Despite pressure, publicly held companies in business sectors from hotels to cruise ships are refusing to give back SBA PPP funds.  The SBA has  said that public companies with “substantial market value” and the ability to raise money through capital markets were not the intended recipients of the Small Business Payroll Protection funds.  Those funds, which were depleted by large loans taken by these companies and re-funded last week,  were meant to help small businesses, as the name of the administering agency would suggest. 

Treasury Secretary Steven Mnuchin announced on  Tuesday, April 28th  that the federal government plans to audit all loans over $2 million. The SBA PPP Loans are built to be forgivable if the recipient of the funds uses 75% of those funds to pay payroll costs and the remaining 25% for operating expenses.  The goal, in the midst of the massive unemployment wave is to keep employees on the payroll.

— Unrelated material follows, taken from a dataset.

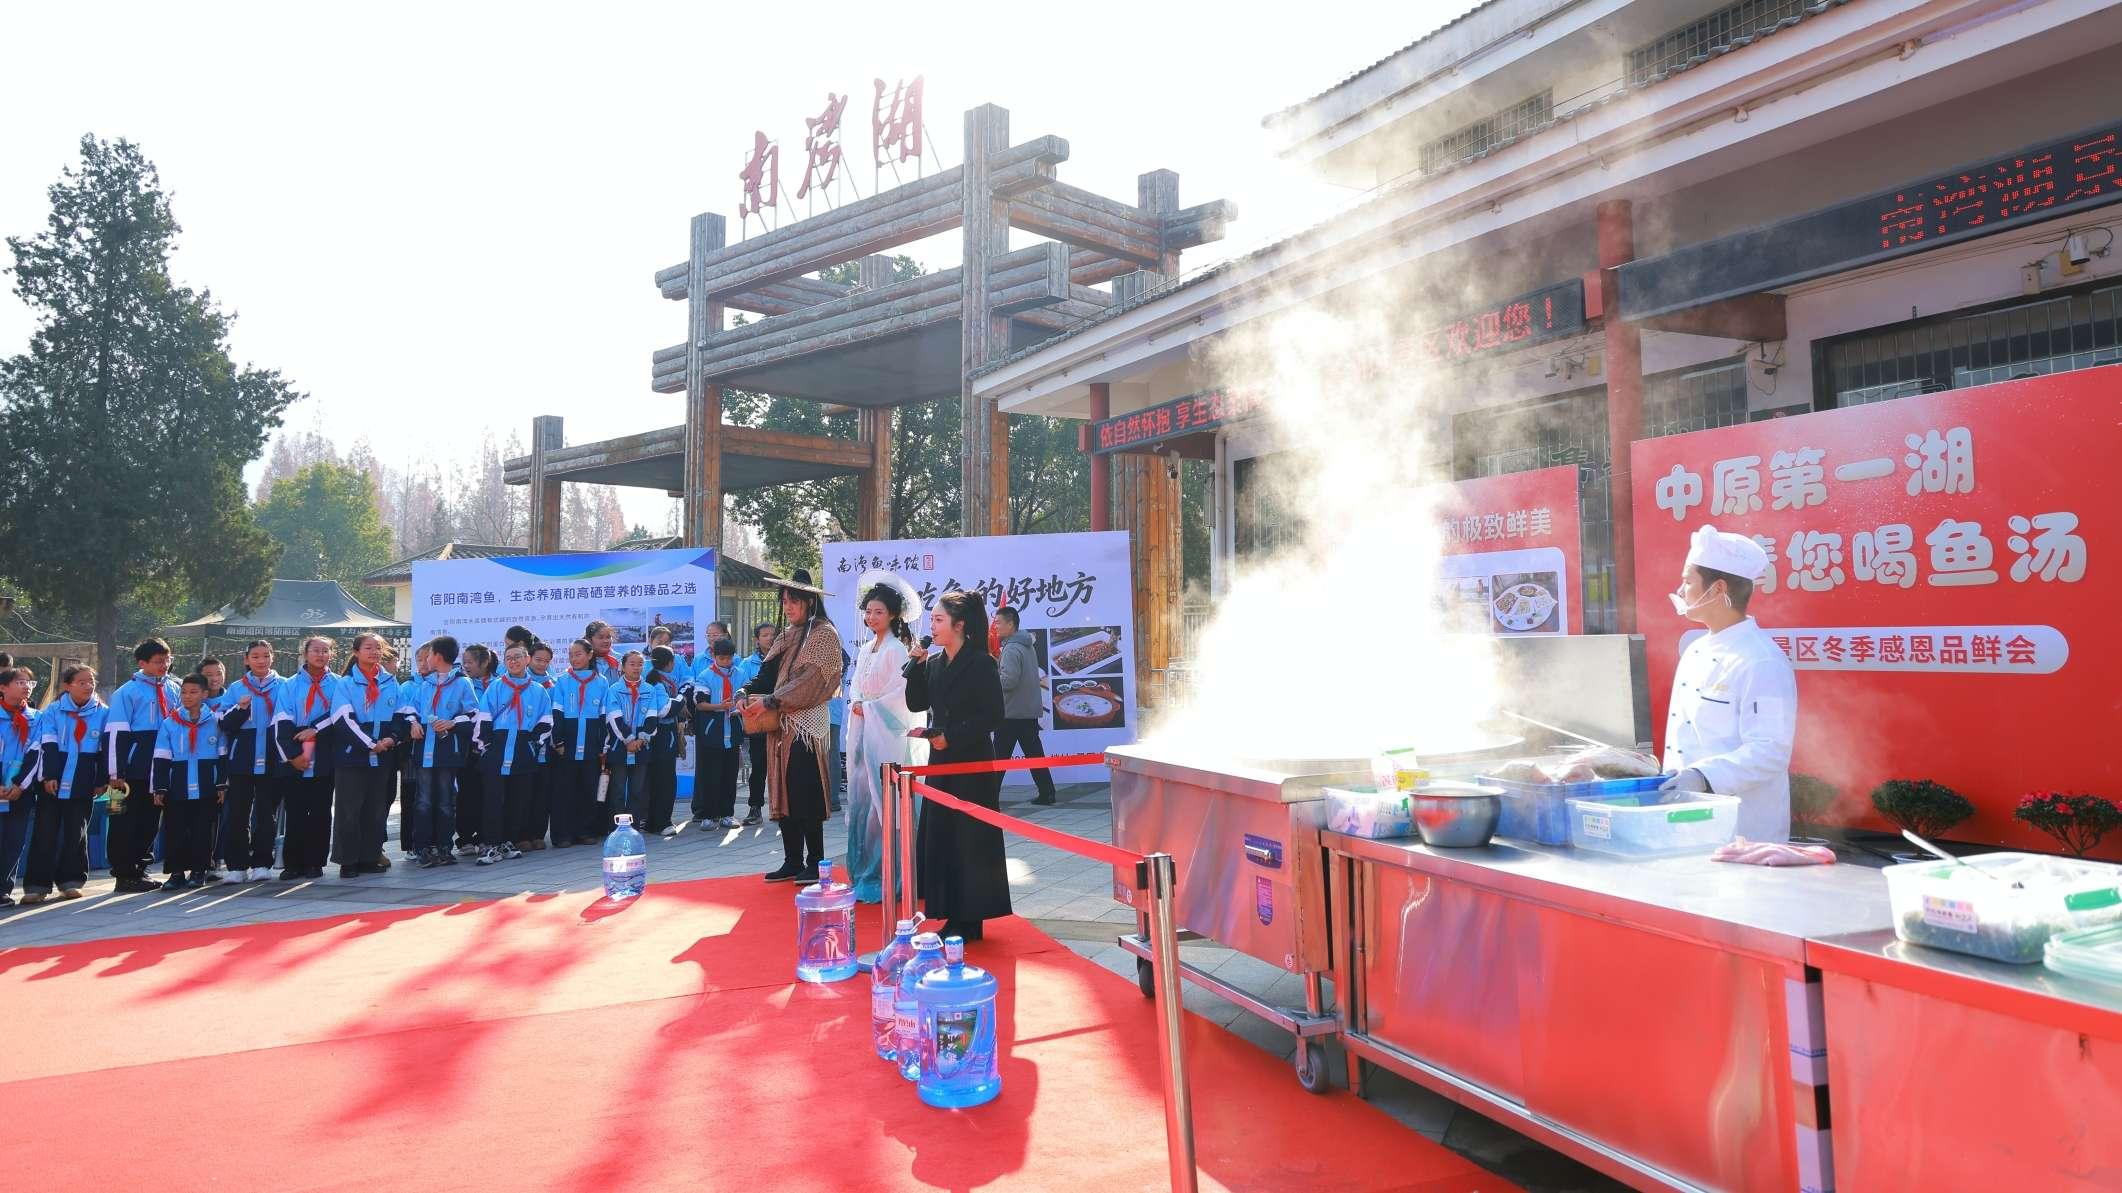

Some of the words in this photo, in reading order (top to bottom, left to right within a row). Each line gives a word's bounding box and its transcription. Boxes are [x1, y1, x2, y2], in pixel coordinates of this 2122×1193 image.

[1101, 407, 1172, 449] 依自然怀抱
[1655, 426, 1976, 521] 中原第一湖
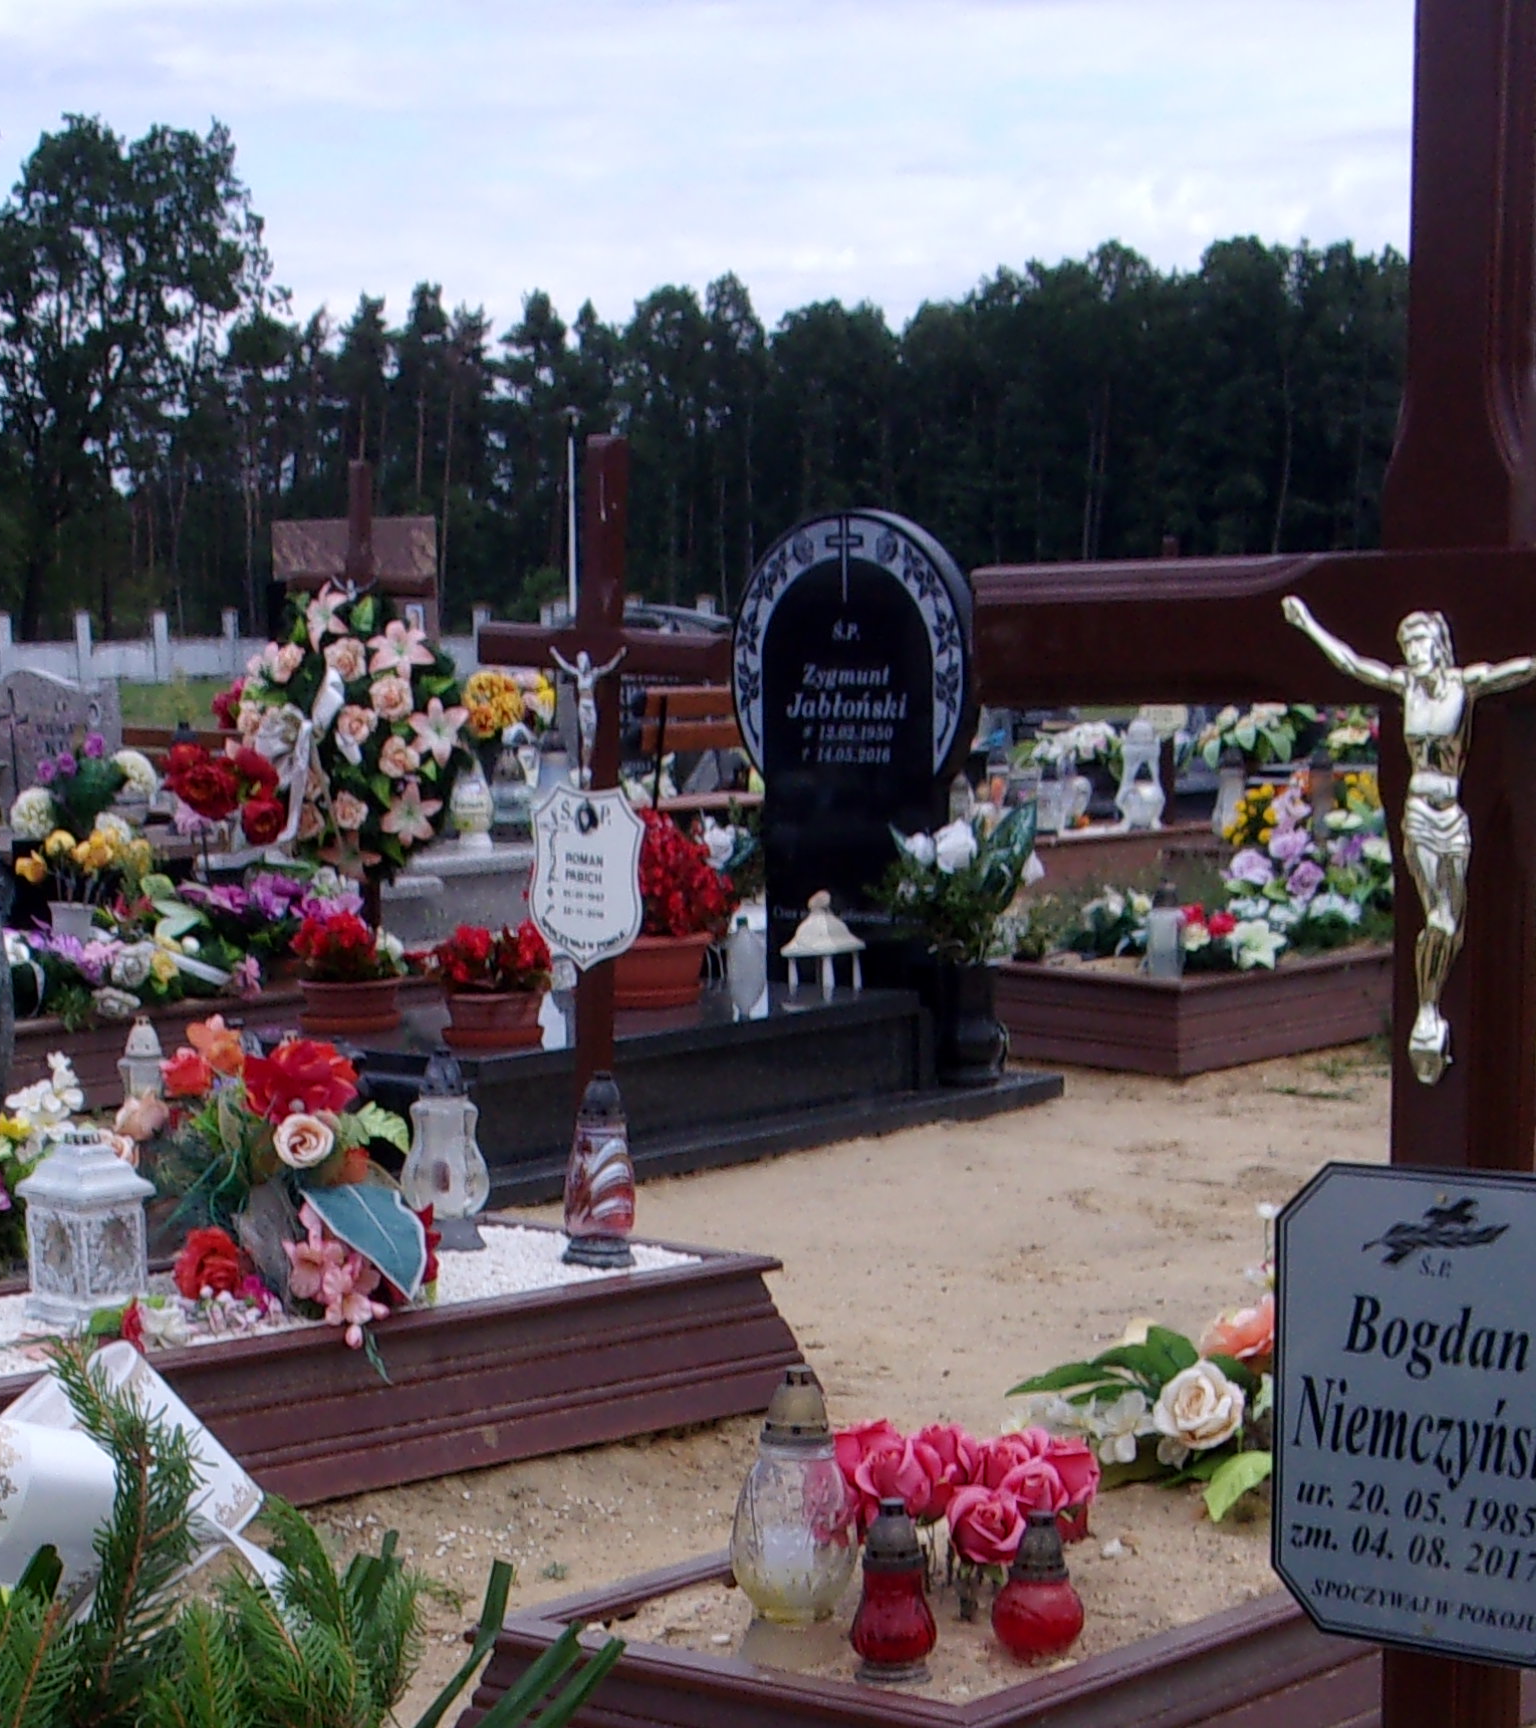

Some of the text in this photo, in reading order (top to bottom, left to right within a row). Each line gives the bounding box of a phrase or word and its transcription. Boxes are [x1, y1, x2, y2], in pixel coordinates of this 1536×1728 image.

“Anybody that took the money that shouldn’t have taken the money, one, it won’t be forgiven and two, they may be subject to criminal liability, which is a big deal,” Mnuchin said in an interview on Fox Business. “I encourage everybody to look at this and pay back these loans now so we can recycle the money if you made a mistake.”

Shake Shack and Ruth’s Chris Steak House have already announced plans to return their SBA PPP loan funds. As of Wednesday evening, the SBA had approved nearly $90 billion in loans from more than 960,000 applications in the second round.

Businesses whose loans were under the $2m amount mentioned by Mnuchin should take heed. Impeccable financial records will be necessary to ensure loan forgiveness.  Business owners should put SBA PPP funds into a separate account, pay ONLY payroll costs with 75% of the funds and use a spreadsheet or other tool to track where the money goes.  There is almost certain to be a wave of audits as banks, the SBA and the IRS examine the veracity of claims that funds obtained through the SBA PPP were used for payroll and helped companies stay in business during the novel coronavirus pandemic, stay at home order and global economic slowdown.